LDA for Pokemon analysis
こんにちは。これは Machine Learning Advent Calendar 2016 の 23 日目の記事です。 ここでは LDA 解説し、ポケモンのデータを用いて実験してみます。
LDA
LDA は Latent Dirichlet Allocation の略で、日本語だと「潜在的ディリクレ配分法」です。 トピックモデルと呼ばれる手法の 1 つで、文書解析を主として提案されました。 文書がどのような話題(トピック)で構成されているかを解析するモデルです。
モデル
LDA は「トピック分布」と「単語分布」を用いて文書生成をモデル化します。
まず、「トピック分布」から説明します。 トピック分布というのは、文書が持っているトピックを割合の形で表したものです。 たとえば文書 A は 「政治トピックが 10%、スポーツトピックが 50%、医療トピックが 40% の文書」とかです。
同様に、トピックは単語分布によって表すことができると考えます。 単語分布はトピックに関連する単語を割合の形で表したものです。

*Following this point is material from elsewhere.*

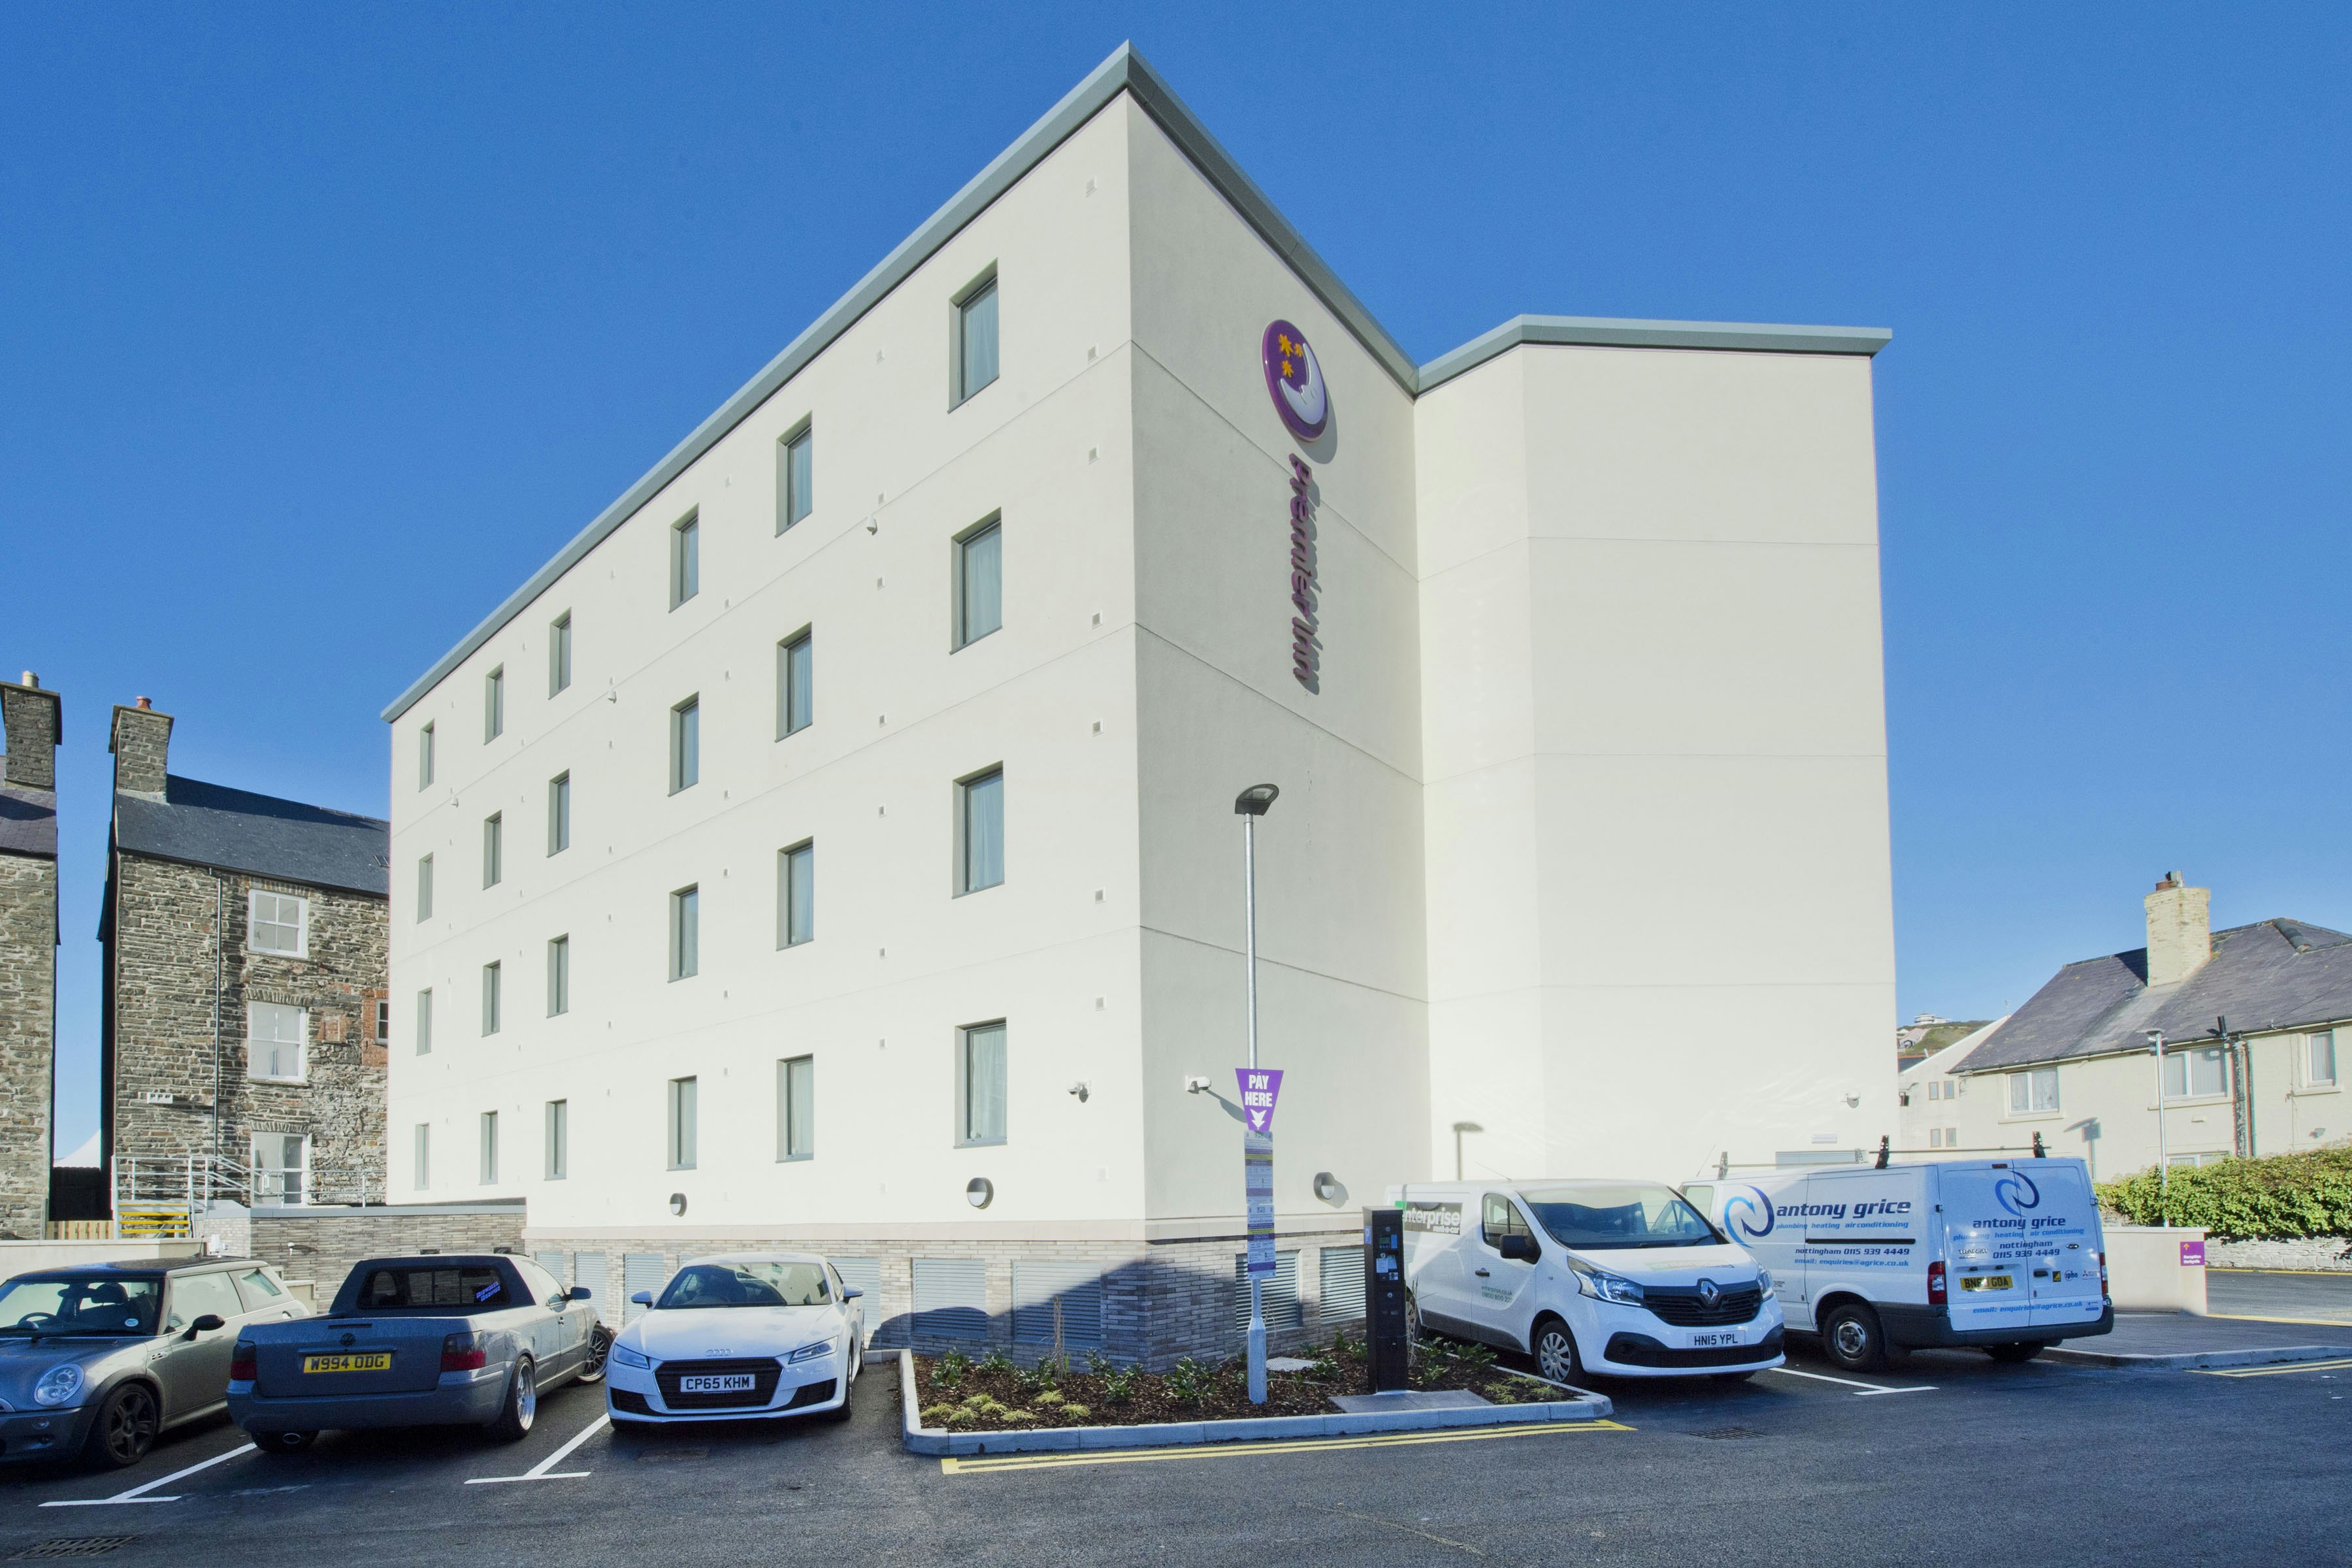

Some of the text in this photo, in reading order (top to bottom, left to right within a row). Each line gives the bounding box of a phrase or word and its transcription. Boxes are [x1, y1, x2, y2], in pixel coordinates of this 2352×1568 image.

このように、文書をトピック分布で、トピックを単語分布で表現することができました。 実際のテキストコーパスを用いて LDA を「学習」することで、各文書のトピック分布と各トピックの単語分布を求めることができます。 学習によって得られたトピック分布が、文書の扱っている話題の割合を表すというわけです。
ただし、LDA はトピックがどういった話題に対応しているのかを直接には教えくれません。 トピック分布は「トピック 1 の割合 40%、トピック 2 の割合 60%」のような形で得られますので、 トピック 1 が実際にどのような話題であるかは我々が解釈しなければなりません。 そこでトピックの単語分布を確認し、「ヒット、ホームラン、盗塁などの単語の割合が多いから、これは野球トピックだな」とか 「選挙、首相の割合が多いから、これは政治トピックだ」などというように解釈します。
学習
では、どのようにしてトピック分布と単語分布を求めるのでしょうか。
LDA の生成過程について確認してみましょう。 トピック分布と単語分布が決まっていれば、次のようにして確率的に単語を生成することができます。

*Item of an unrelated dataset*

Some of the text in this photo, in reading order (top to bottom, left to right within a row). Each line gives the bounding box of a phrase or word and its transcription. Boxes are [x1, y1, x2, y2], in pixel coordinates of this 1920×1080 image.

- まず、トピック分布に基づいてトピックを 1 つ選びます。
10% の確率で政治トピックが、50% の確率でスポーツトピックが選ばれるといった具合です。 - 次に、選ばれたトピックの単語分布を参照して単語を選びます。
同様に 0.3% の確率で手術、0.1% の確率で問診......といった具合です。
これを繰り返すことによって単語列、すなわち文書が生成できます。
さて、文書はランダムに生成されますが、どのような文書が生成されやすい(もしくは生成されにくい)かは、トピック分布と単語分布によって決まります。 ということは、実際の文書コーパスを生成する確率が高いトピック分布・単語分布が存在するはずです。 そのようなトピック分布・単語分布を求めるのが LDA における学習です。
LDA の注意点ですが、学習によって「医療」「スポーツ」のような話題を捉えたトピックが得られるという保証はありません。 これは LDA の学習が正解データ(文書がどのような話題であるか判っているデータ)を必要としない、教師なし学習だからです。 もちろん「医療」などのトピックが得られる可能性もありますし、たとえば文書を書いた人によって単語の出現傾向が違っていれば、それを捉えたトピックが出現するかもしれません。また、文書コーパスによっては「標準語」「関西弁」といったトピックが出現することも考えられます。 このように様々なトピックが考えられるのが LDA の面白いところであり、難しいところでもあります(半教師あり LDA という発展もあります)。
ポケモンへの応用
LDA は文書解析に限らず、多方面に応用されています。
たとえばオンライン書店に会員登録しているユーザを文書、そのユーザが購買した書籍 ID を単語とみなして LDA に応用することができます。 あるユーザが購買した書籍 ID(単語)の出現傾向は、ユーザ(文書)の趣味や嗜好によって変化するでしょうから、 ユーザのトピックとして「SF 好き」や「ファンタジー好き」得られると考えられます。 画像を文書、画像中の特徴量を量子化して単語とし、画像に写っている物体を検出する研究もあります。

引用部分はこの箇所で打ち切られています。